***** Extracted records *****

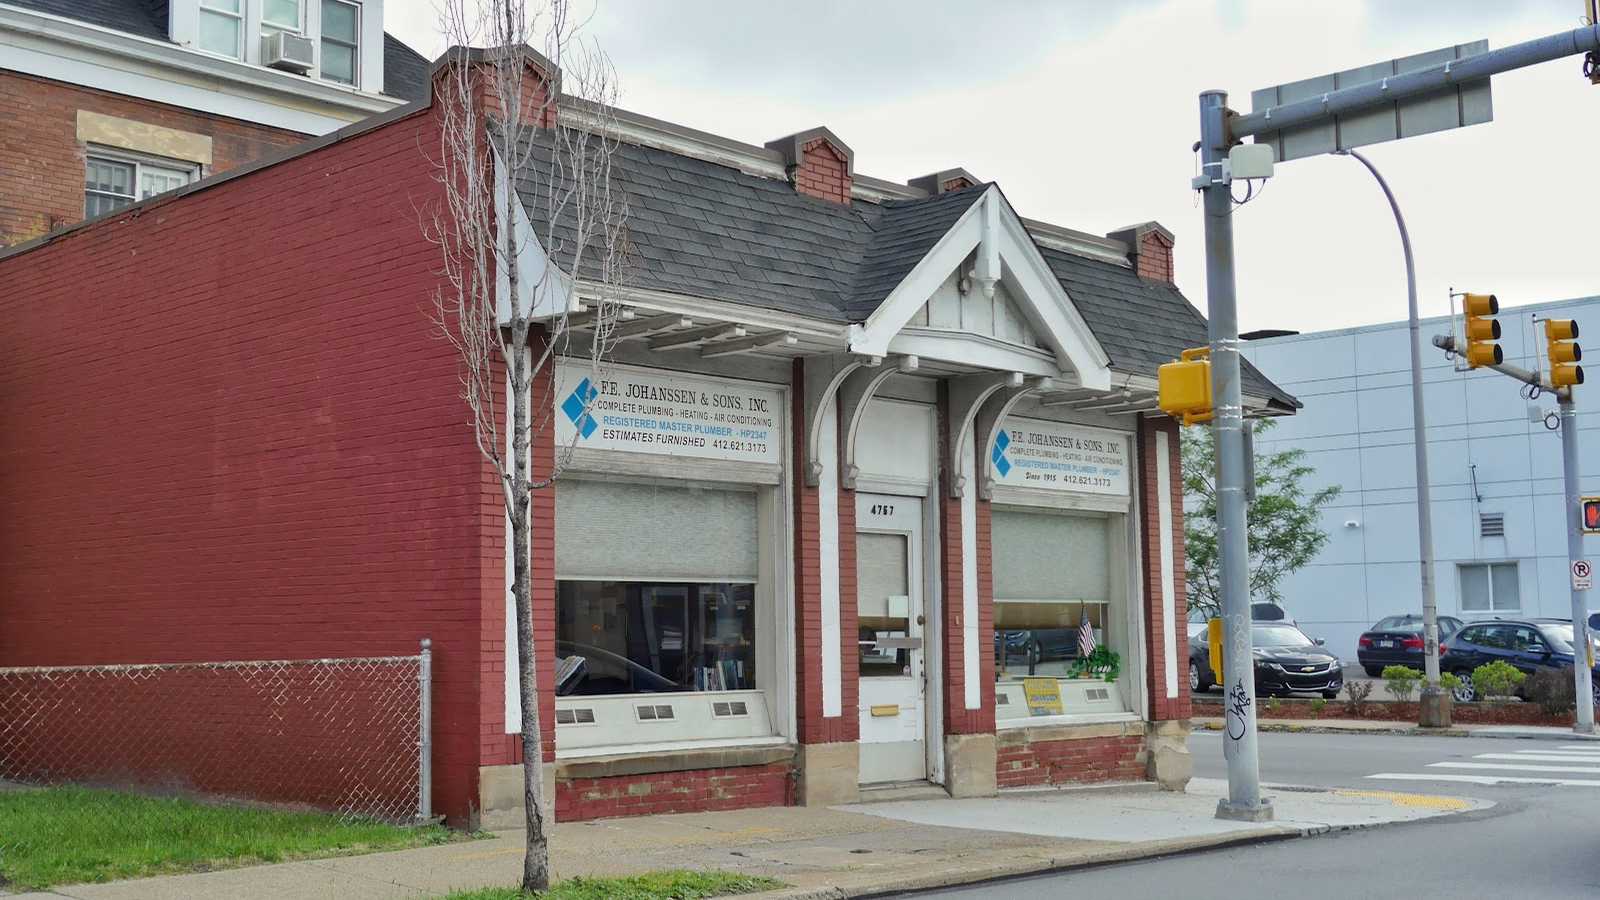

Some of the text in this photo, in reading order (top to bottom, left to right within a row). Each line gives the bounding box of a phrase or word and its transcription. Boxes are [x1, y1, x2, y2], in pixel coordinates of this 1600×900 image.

[625, 383, 697, 405] JOHANSSEN
[700, 392, 709, 406] &
[748, 397, 769, 413] INC.
[597, 400, 636, 413] COMPLETE
[638, 404, 674, 417] PLUMBING
[680, 409, 708, 421] HEATING
[714, 412, 725, 423] AIR
[726, 414, 772, 428] CONDITIONING
[603, 415, 657, 429] REGISTERED
[659, 420, 693, 433] MASTER
[694, 424, 732, 437] PLUMBER
[602, 429, 767, 453] ESTIMATES FURNISHED 412.621.3173
[1028, 432, 1073, 449] JOHANSSEN
[1075, 438, 1081, 450] &
[1043, 473, 1057, 482] 1915
[1063, 475, 1111, 487] 412.621.3173
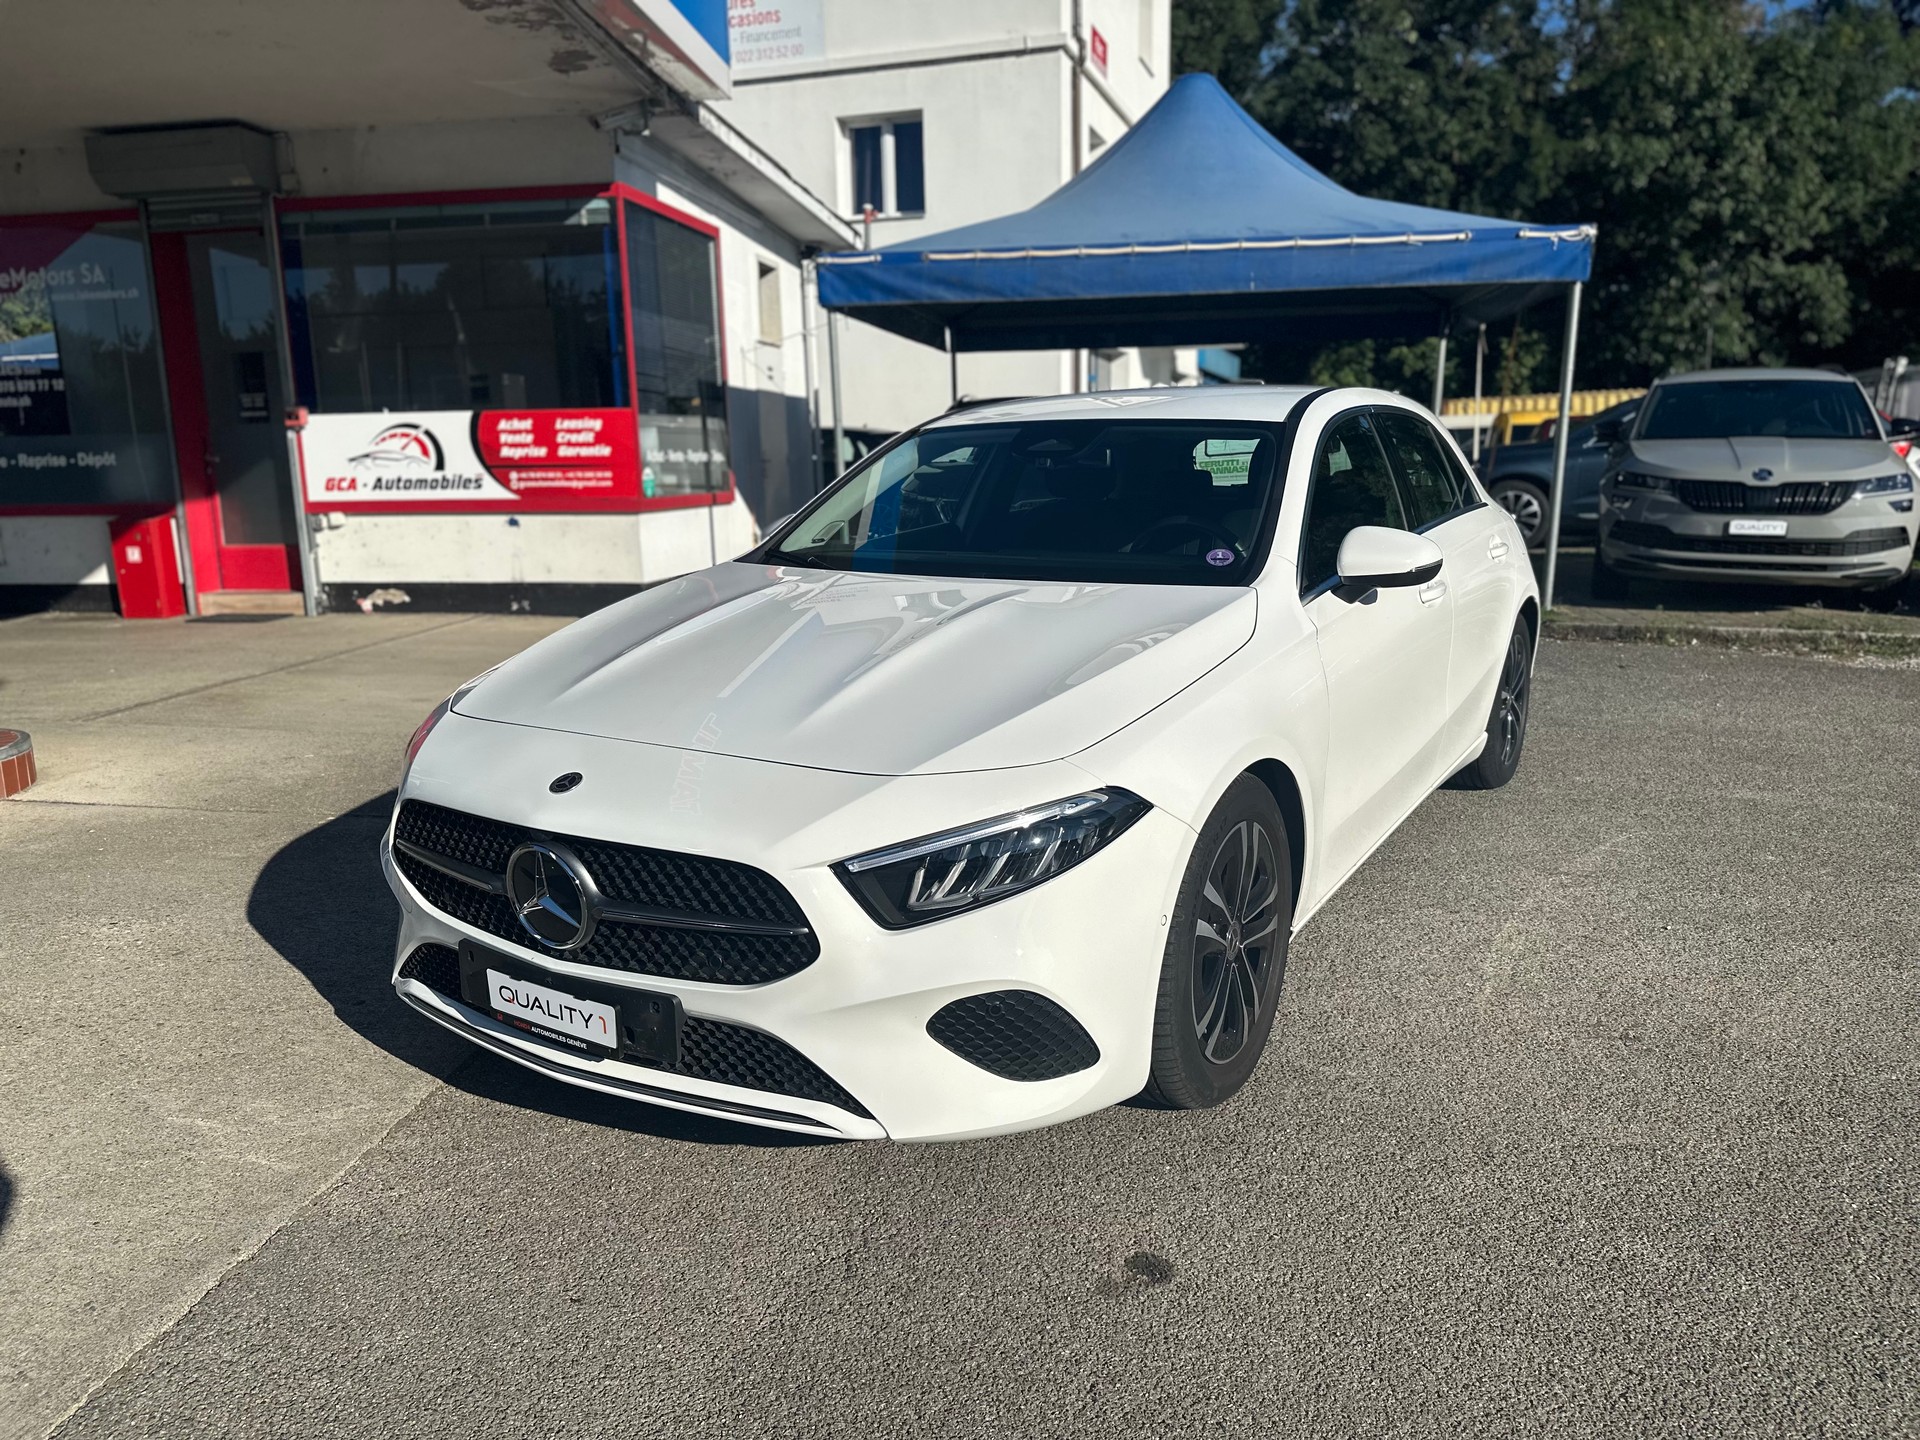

*****

Aim of the task:
The material should be duplicated word for word, with no images included.

Response to this exercise:
Some of the text in this photo, in reading order (top to bottom, left to right within a row). Each line gives the bounding box of a phrase or word and its transcription. Boxes are [x1, y1, x2, y2], in pixel coordinates of this 1600×900 image.

[625, 383, 697, 405] JOHANSSEN
[700, 392, 709, 406] &
[748, 397, 769, 413] INC.
[597, 400, 636, 413] COMPLETE
[638, 404, 674, 417] PLUMBING
[680, 409, 708, 421] HEATING
[714, 412, 725, 423] AIR
[726, 414, 772, 428] CONDITIONING
[603, 415, 657, 429] REGISTERED
[659, 420, 693, 433] MASTER
[694, 424, 732, 437] PLUMBER
[602, 429, 767, 453] ESTIMATES FURNISHED 412.621.3173
[1028, 432, 1073, 449] JOHANSSEN
[1075, 438, 1081, 450] &
[1043, 473, 1057, 482] 1915
[1063, 475, 1111, 487] 412.621.3173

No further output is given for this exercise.